__DESCRIPTION OF THE TASK__.
Every record below should be repeated exactly, with the pictures left out.

[Collected data]
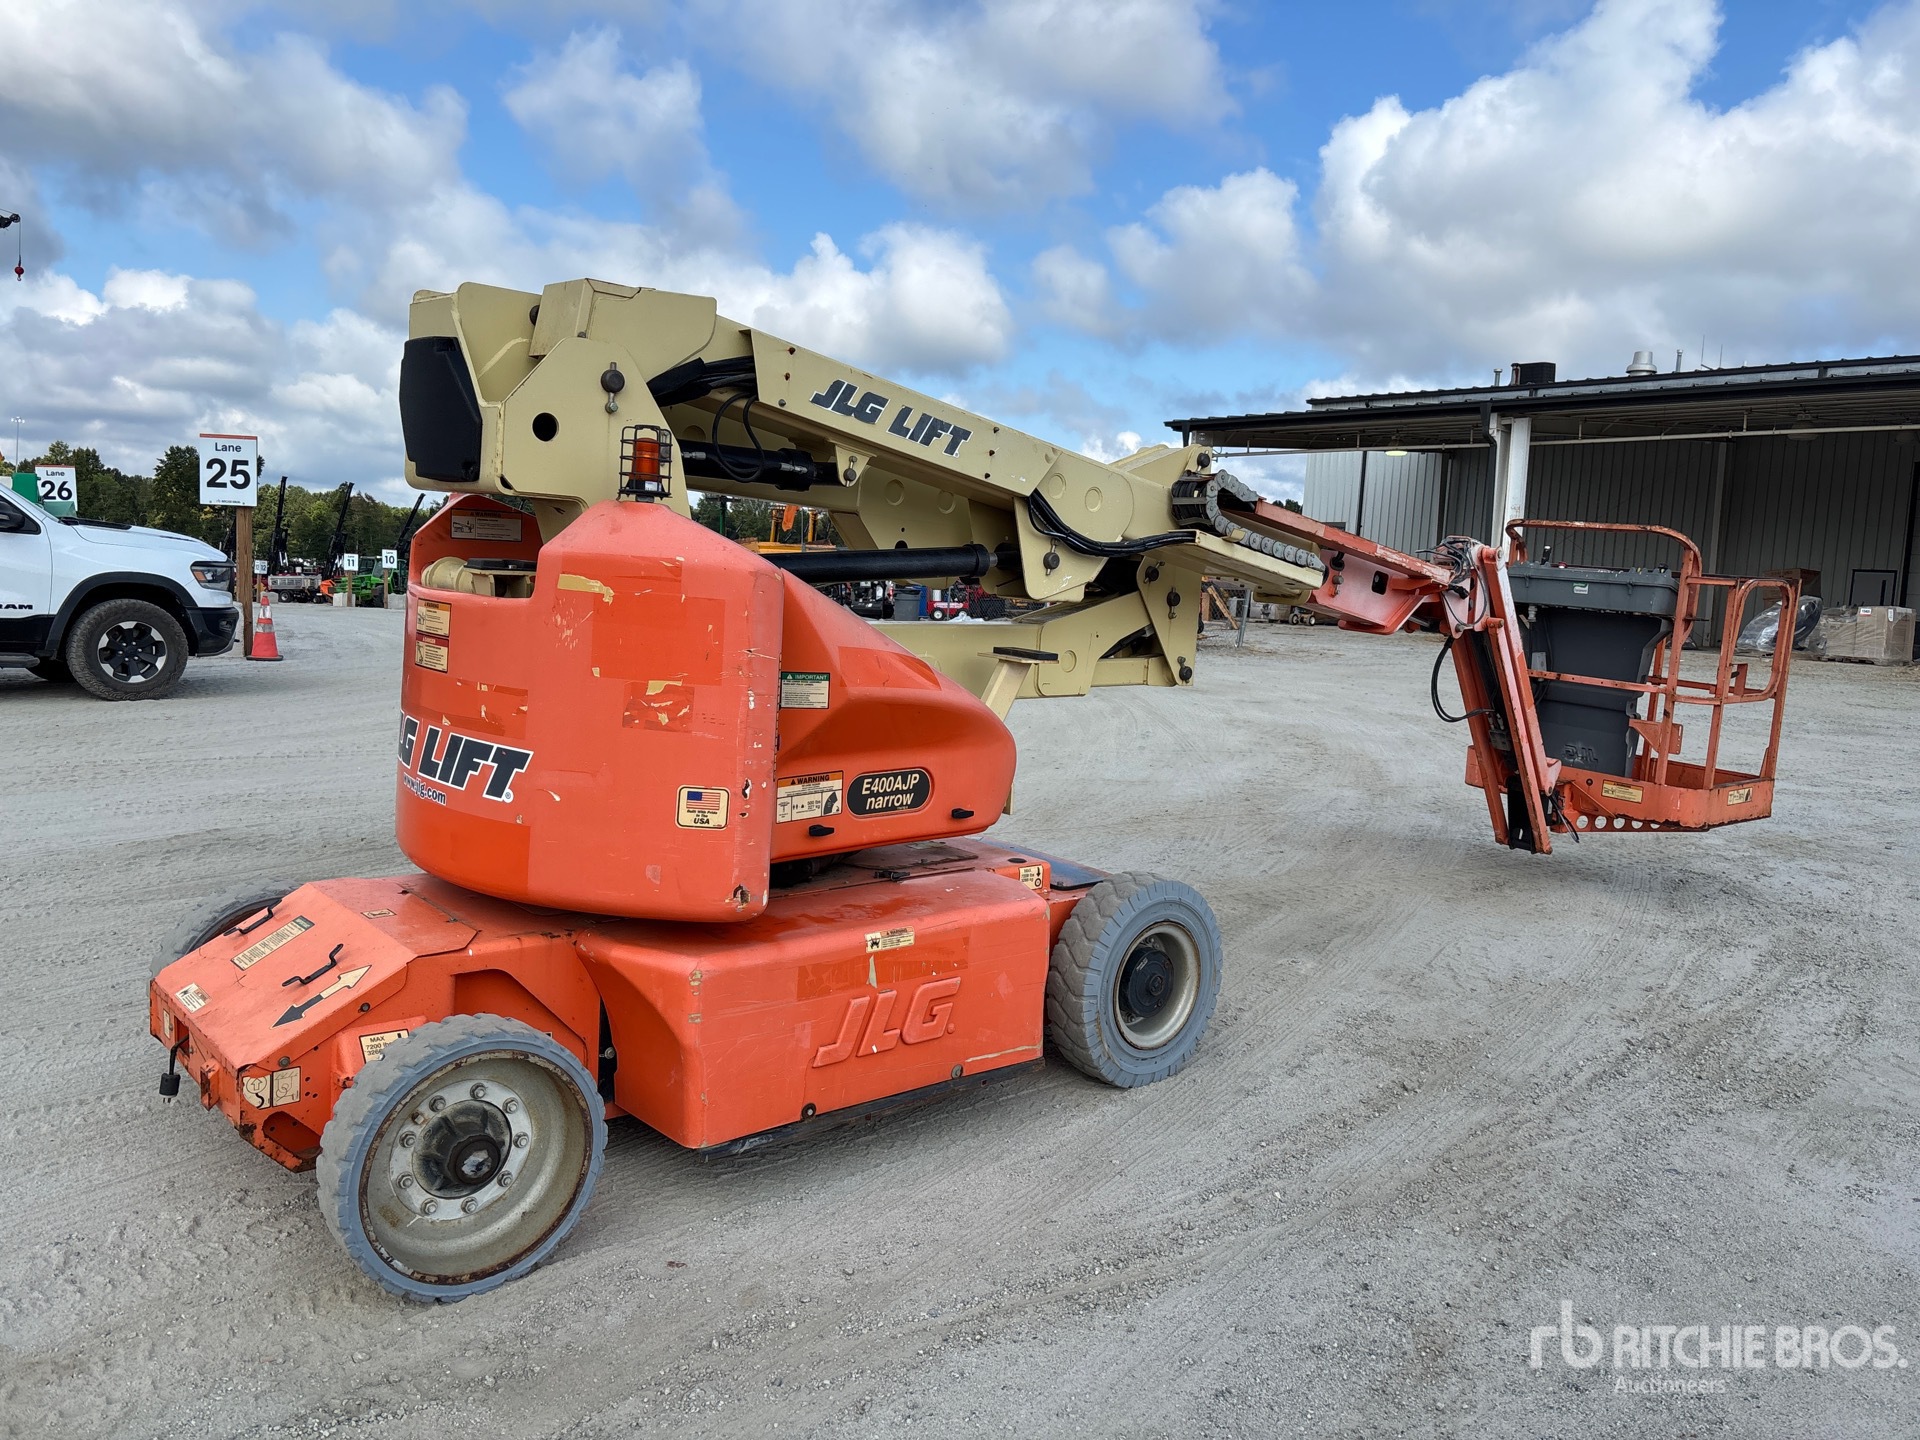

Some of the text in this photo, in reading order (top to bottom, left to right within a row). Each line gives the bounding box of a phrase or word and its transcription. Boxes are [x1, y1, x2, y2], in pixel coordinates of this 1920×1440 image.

[809, 379, 890, 425] JLG
[214, 442, 242, 453] Lane
[45, 469, 66, 477] Lane
[206, 458, 251, 490] 25
[40, 480, 73, 501] 26
[347, 558, 355, 567] 11
[384, 555, 395, 565] 10
[797, 774, 830, 785] WARNING
[861, 773, 920, 795] E400AJP
[865, 793, 915, 810] narrow
[693, 817, 710, 825] USA
[369, 1035, 386, 1043] MAX
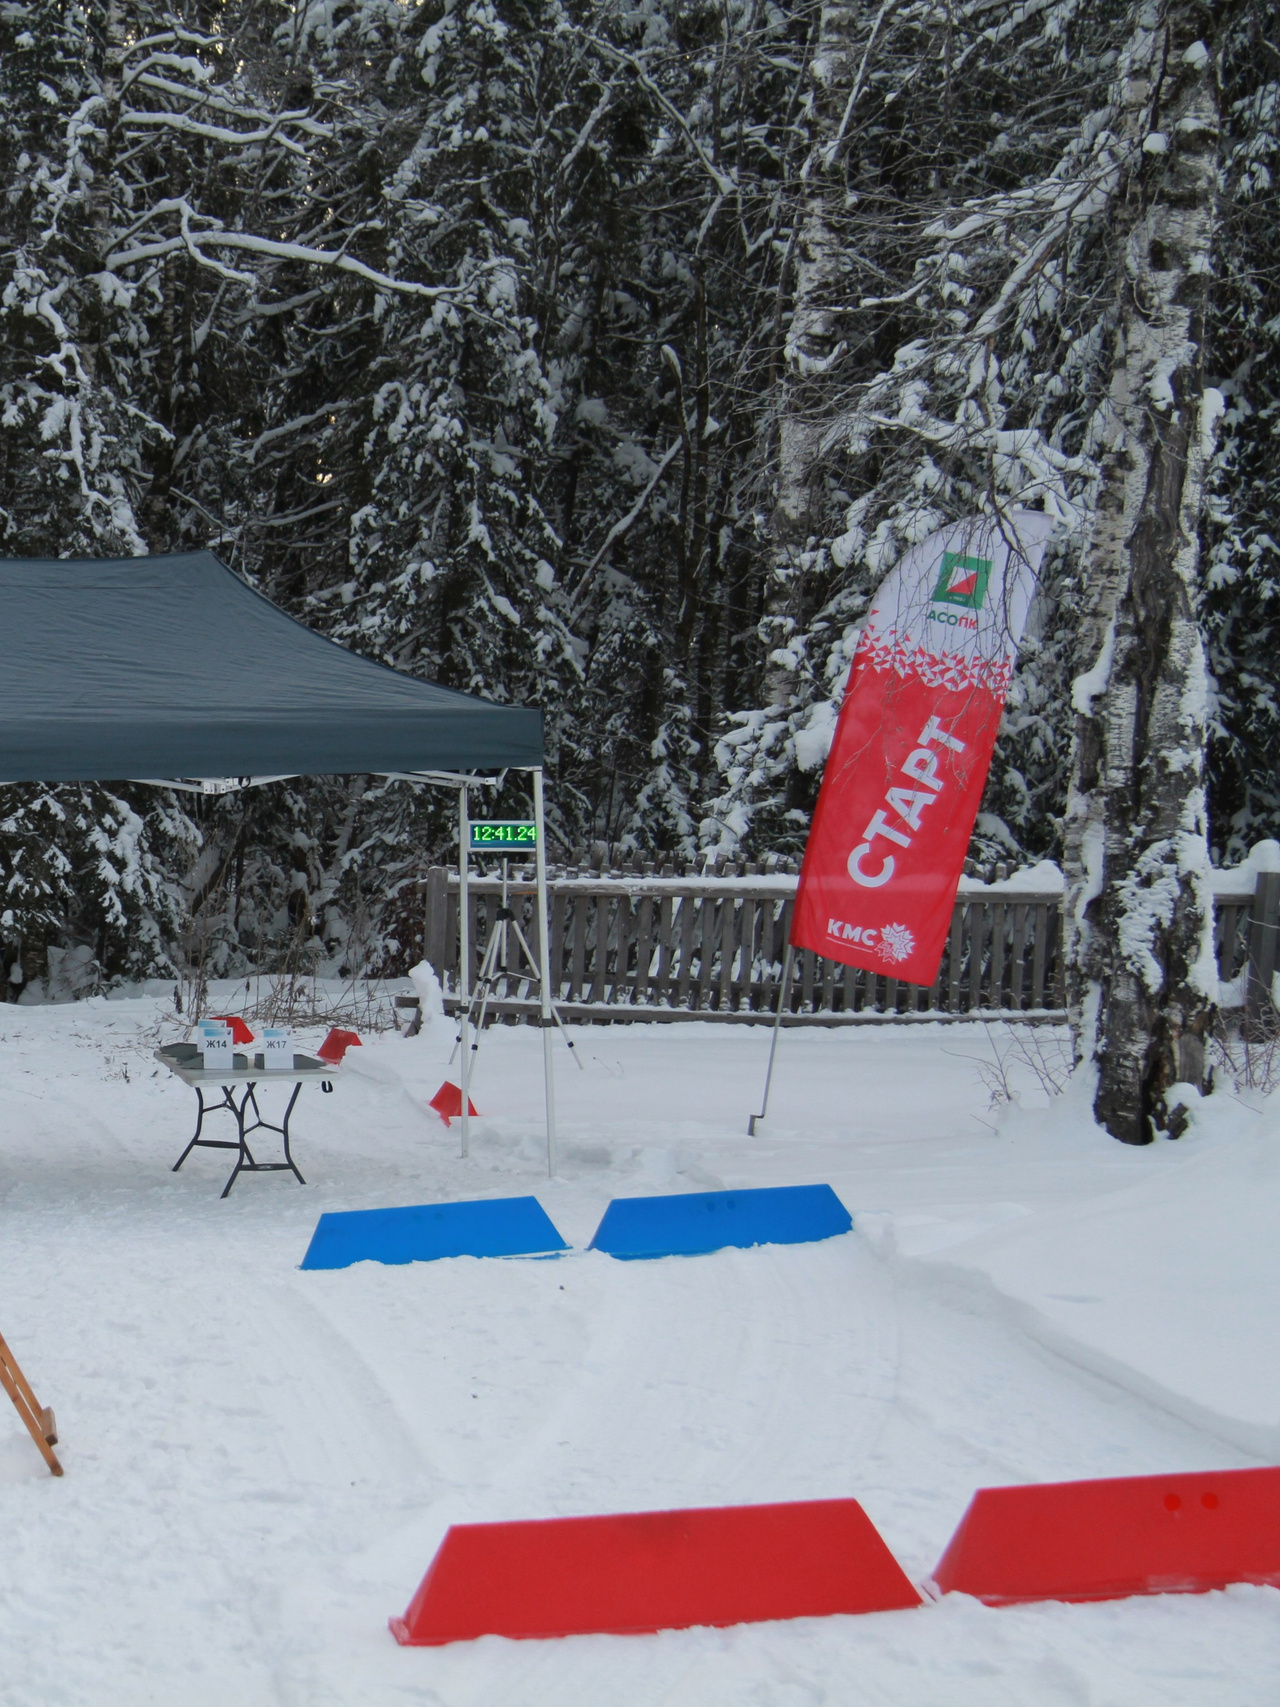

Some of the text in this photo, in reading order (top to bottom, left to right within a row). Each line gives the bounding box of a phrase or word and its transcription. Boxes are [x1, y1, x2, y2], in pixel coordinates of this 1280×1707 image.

[926, 610, 978, 630] АСОПК
[847, 715, 966, 888] СТАРТ
[474, 826, 536, 841] 12:41.24
[827, 918, 878, 946] КМС
[206, 1040, 227, 1048] Ж14
[266, 1040, 287, 1048] Ж17
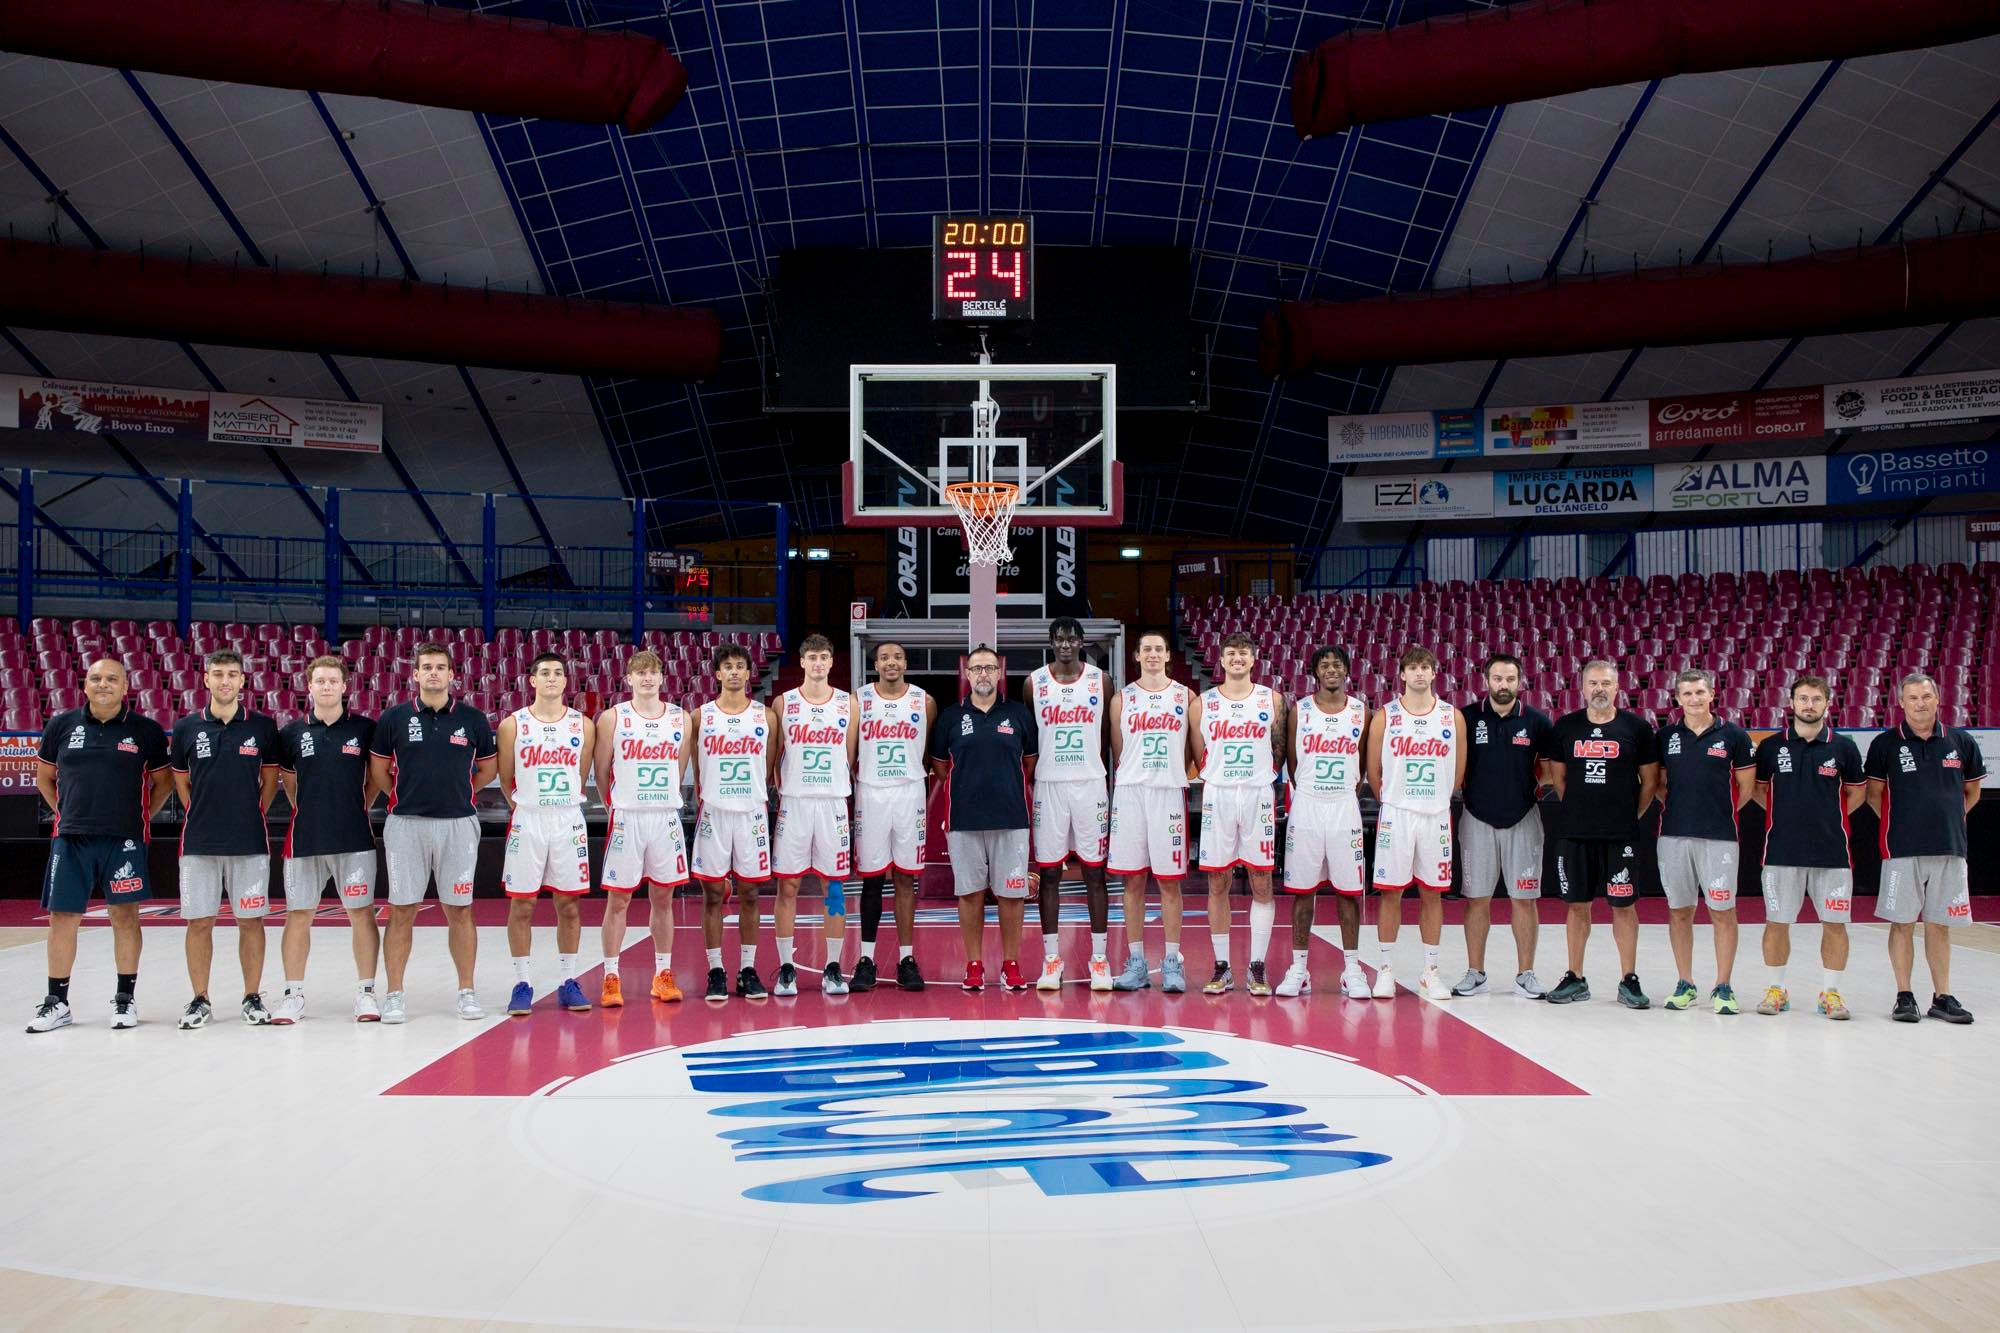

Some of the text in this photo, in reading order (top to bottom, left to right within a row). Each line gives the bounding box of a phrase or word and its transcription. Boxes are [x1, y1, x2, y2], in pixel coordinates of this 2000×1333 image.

[945, 223, 1024, 246] 20:00
[947, 252, 1021, 298] 24
[1880, 386, 1912, 394] LEADER
[1880, 392, 1918, 403] FOOD
[1922, 390, 1931, 400] &
[1929, 396, 1972, 406] PROVINCE
[214, 410, 280, 422] MASIERO
[1884, 407, 1919, 416] VENEZIA
[111, 419, 142, 431] Bovo
[145, 422, 175, 433] Enzo
[213, 420, 267, 431] MATTIA
[1370, 423, 1428, 440] HIBERNATUS
[1656, 424, 1742, 440] arredamenti
[1755, 422, 1806, 434] CORO.IT
[214, 433, 271, 443] COSTRUZIONI
[1881, 448, 1988, 472] Bassetto
[1509, 469, 1634, 482] IMPRESE FUNEBRI
[1705, 460, 1810, 490] ALMA
[1508, 480, 1638, 506] LUCARDA
[1535, 503, 1608, 513] DELL'ANGELO
[649, 557, 677, 568] SETTORE
[1178, 556, 1221, 575] SETTORE 1
[707, 715, 714, 725] 2
[1041, 705, 1095, 727] Mestre
[1128, 712, 1182, 733] Mestre
[522, 724, 529, 735] 3
[788, 724, 844, 744] Mestre
[861, 720, 918, 741] Mestre
[1208, 720, 1266, 741] Mestre
[703, 735, 763, 756] Mestre
[1302, 733, 1357, 754] Mestre
[1390, 736, 1450, 757] Mestre
[520, 744, 577, 768] Mestre
[1054, 754, 1085, 763] GEMINI
[719, 787, 752, 795] GEMINI
[1404, 788, 1435, 796] GEMINI
[676, 854, 686, 874] 0
[759, 851, 768, 870] 2
[1173, 850, 1181, 869] 4
[579, 863, 588, 882] 3

__EXERCISE OUTPUT__.
Some of the text in this photo, in reading order (top to bottom, left to right within a row). Each line gives the bounding box of a phrase or word and its transcription. Boxes are [x1, y1, x2, y2], in pixel coordinates of this 1920×1440 image.

[809, 379, 890, 425] JLG
[214, 442, 242, 453] Lane
[45, 469, 66, 477] Lane
[206, 458, 251, 490] 25
[40, 480, 73, 501] 26
[347, 558, 355, 567] 11
[384, 555, 395, 565] 10
[797, 774, 830, 785] WARNING
[861, 773, 920, 795] E400AJP
[865, 793, 915, 810] narrow
[693, 817, 710, 825] USA
[369, 1035, 386, 1043] MAX

Some of the text in this photo, in reading order (top to bottom, left to right within a row). Each line gives the bounding box of a phrase or word and its transcription. Boxes are [x1, y1, x2, y2], in pixel coordinates of this 1280×1707 image.

[926, 610, 978, 630] АСОПК
[847, 715, 966, 888] СТАРТ
[474, 826, 536, 841] 12:41.24
[827, 918, 878, 946] КМС
[206, 1040, 227, 1048] Ж14
[266, 1040, 287, 1048] Ж17

Some of the text in this photo, in reading order (top to bottom, left to right within a row). Each line gives the bounding box of a phrase or word and its transcription. Boxes are [x1, y1, x2, y2], in pixel coordinates of this 2000×1333 image.

[945, 223, 1024, 246] 20:00
[947, 252, 1021, 298] 24
[1880, 386, 1912, 394] LEADER
[1880, 392, 1918, 403] FOOD
[1922, 390, 1931, 400] &
[1929, 396, 1972, 406] PROVINCE
[214, 410, 280, 422] MASIERO
[1884, 407, 1919, 416] VENEZIA
[111, 419, 142, 431] Bovo
[145, 422, 175, 433] Enzo
[213, 420, 267, 431] MATTIA
[1370, 423, 1428, 440] HIBERNATUS
[1656, 424, 1742, 440] arredamenti
[1755, 422, 1806, 434] CORO.IT
[214, 433, 271, 443] COSTRUZIONI
[1881, 448, 1988, 472] Bassetto
[1509, 469, 1634, 482] IMPRESE FUNEBRI
[1705, 460, 1810, 490] ALMA
[1508, 480, 1638, 506] LUCARDA
[1535, 503, 1608, 513] DELL'ANGELO
[649, 557, 677, 568] SETTORE
[1178, 556, 1221, 575] SETTORE 1
[707, 715, 714, 725] 2
[1041, 705, 1095, 727] Mestre
[1128, 712, 1182, 733] Mestre
[522, 724, 529, 735] 3
[788, 724, 844, 744] Mestre
[861, 720, 918, 741] Mestre
[1208, 720, 1266, 741] Mestre
[703, 735, 763, 756] Mestre
[1302, 733, 1357, 754] Mestre
[1390, 736, 1450, 757] Mestre
[520, 744, 577, 768] Mestre
[1054, 754, 1085, 763] GEMINI
[719, 787, 752, 795] GEMINI
[1404, 788, 1435, 796] GEMINI
[676, 854, 686, 874] 0
[759, 851, 768, 870] 2
[1173, 850, 1181, 869] 4
[579, 863, 588, 882] 3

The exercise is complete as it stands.